In 1816, he was posted to County Cork in Ireland as Surgeon to the forces and later as Deputy Inspector General of Hospitals. While in Cork he published several works including researches and illustrations" (1828) which is listed as having been taken by Charles Darwin on his famous Second voyage of HMS Beagle.

==Selected works==

- A Catalogue of Plants Growing in the Vicinity of Berwick Upon Tweed, 1807
- An Account of Some New Species of Piper, with a Few Cursory Observations on the Genus, 1807
- Description of a New Species of The Genus Mus, Belonging to the Section of Pouched Rats, 1812
- A Catalogue of The Exotic Plants cultivated in the Mauritius..., Nov. 1816
- Memoir of the Pentacrinus Europaeus: a recent species discovered in the cove of Cork, July 1, 1823, 1827
- Zoological Researches and Illustration, 1828
- Pentacrinus Europaeus and the Star Fish, 1829
- Contributions Towards the Natural History of the Dodo (Didus Ineptus Lin.), a Bird which Appears to Have Become Extinct Towards the End of the Seventeenth Century Or Beginning of the Eighteenth Century, 1829
- Zoological Researches, and Illustrations Or Natural History Nondescript Or Imperfectly Known Animals: in a Series of Memoirs, 1830
  - Memoir V of Zoological Researches: On Polyzoa, a New Animal Discovered as an Inhabitant of Some Zoophites
- The Pestilential Cholera Unmasked, and Its Real Nature and Treatment Developed: with More Effectual Means of Prevention, Proofs of Its Contagious Nature, and a Sketch of Its History and Progress. To which is Prefixed an Outline of the Symptoms, and of the Indian Or Ordinary Plan of Treatment, 1832
- Discovery of the Metamorphosis in the Second Type of the Cirripedes, Viz. the Lepades: Completing the Natural History of These Singular Animals, and Confirming Their Affinity with the Crustacea. Proceedings of the Royal Society of London 3: 356-358, 1835
- Memoir on the Star-fish of the Genus Comatula, Demonstrative of the Pentacrinus Europaeus Being the Young of Our Indigenous Species, 1836
- Statement of the Case of Jas.
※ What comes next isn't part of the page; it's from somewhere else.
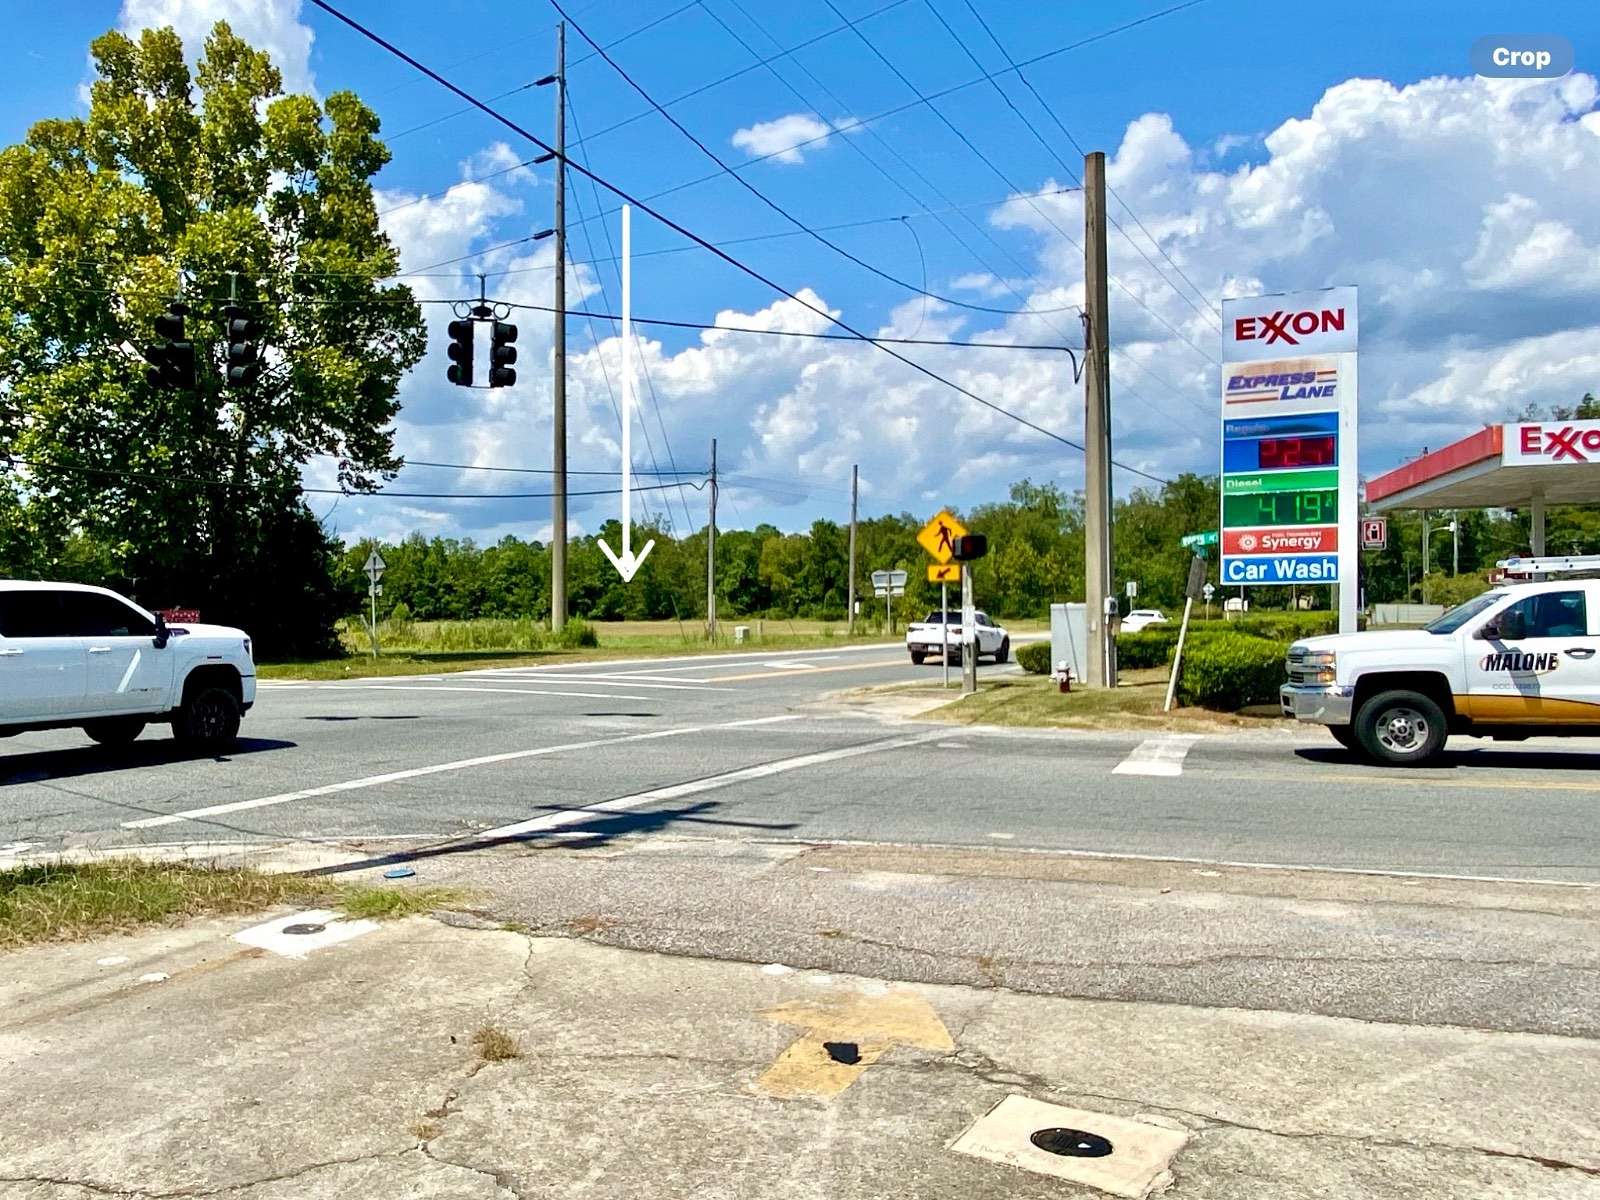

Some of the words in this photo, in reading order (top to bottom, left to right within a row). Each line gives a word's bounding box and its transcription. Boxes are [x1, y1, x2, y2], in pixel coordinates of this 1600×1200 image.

Mitchell, Esq., Late Surgeon, on the Civil Establishment of New South Wales, 1838
- Figures and Descriptions of Canadian Organic Remains, Decade IV Page 67 "Genus Comatula", 1859

==Death==
In 1835 he was transferred to Sydney, Australia, as Deputy Inspector General of Hospitals in New South Wales, a position he held till he retired in 1844. He died at his home in Sydney on 21 January 1847.